スピーチが苦手な人がワクワクするには

スピーチ舞台

英語の先生から、あがり症を治したいと相談を受けました。毎週末に生徒の卒業式があり、生徒が英語でスピーチした後に担当の先生がコメントを言うのですが、聴衆が多ければ多いほど緊張してしまうそうです。

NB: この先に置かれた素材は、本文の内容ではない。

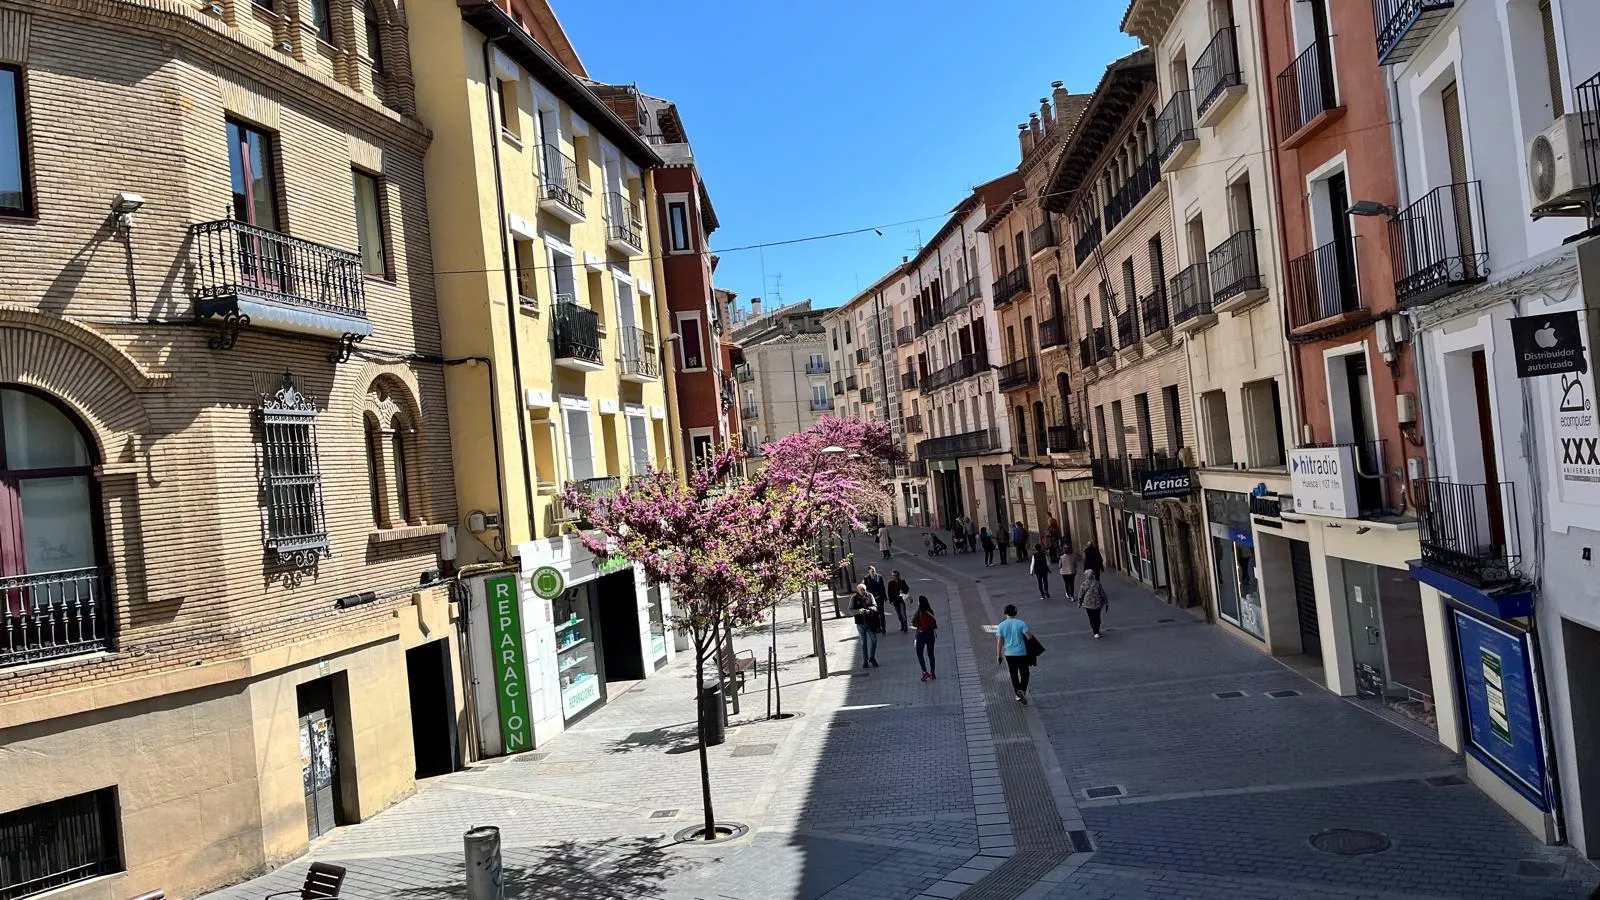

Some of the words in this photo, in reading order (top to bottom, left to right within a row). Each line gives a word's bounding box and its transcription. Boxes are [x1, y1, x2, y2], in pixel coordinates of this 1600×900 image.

[1524, 349, 1575, 360] Distribuidor
[1527, 360, 1573, 371] autorizado
[1560, 415, 1592, 429] ecomputer
[1560, 437, 1600, 466] XXX
[1299, 454, 1338, 475] hitradio
[1144, 478, 1189, 491] Arenas
[496, 583, 524, 748] REPARACION

具体的には、心臓が口から出そうになるぐらいドキドキする。原稿を持つ手が震える。声が震える。顔がこわばる。脇汗がひどい。言葉が出て来なくなるなど。小学校の頃、何かの発表会で、カーテンの後ろで逃げたくなった時から人前は苦手だと思っているのだそうです。

私「そのスピーチは何のために行っているのですか?」
先「う~ん。正しい答えが分かりません。」
私「想像でいいですよ。何のためにスピーチすると思いますか?」
先「分かりません。とにかく早くその場を終えることだけを考えていました。」
私「オッケー。例えば、自分しか知らないニュースがあったとしますよね。早くみんなに伝えたい・・・!!想像するとワクワクしませんか?」
先「はい。そうですね^^」
私「そんな気持ちで人前に立つと良いですよ。これを伝えたら、驚くだろうな、喜ぶだろうな、という情報を持つということです。〇〇先生の場合なら、卒業する生徒さんのいいところや、他の生徒との違い。勉強に対する熱心さとか驚かされたところなど、きっとひとつふたつありますよね!これを本人やみんなに伝えようとするんです。」
先「それは考えたことなかったです。」
私「次の卒業式で送り出す生徒さんについて、何かシェアしたらいいなと思うことありますか?」
先「あります。レッスン初日に水着みたいな恰好で来て、ペンもノートも持ってこなかったこと(笑)やる気がないのかと思いきや、毎回宿題をきちんとしてくる。宿題をしてくるだけじゃなくて、3つぐらいの質問を準備してくる。みるみる上達していきました。質問を準備してレッスンを受けることは、英語が上達する秘訣だと思いました。」
私「わおー!素晴らしいコメントですね!!聴衆の生徒さんは、それを聞いて刺激を受けると思いますよ。」
先「初めて卒業式のコメントが楽しみになりました!」

早く終わらせよう=早くこの場から逃げようという意識で臨むと、脳幹を刺激し、あがり症の症状を促進してしまいます(「緊張・あがり症の人はリラックスしようとしないでください」参照)。脳幹は言葉をつかさどっていない脳器官なので、言葉も出難くなります。

スピーチで何を伝えたら相手が喜ぶか、驚くか、勉強になるかなどを考えて臨むと、ワクワクしたテンションで臨みやすくなりますよ。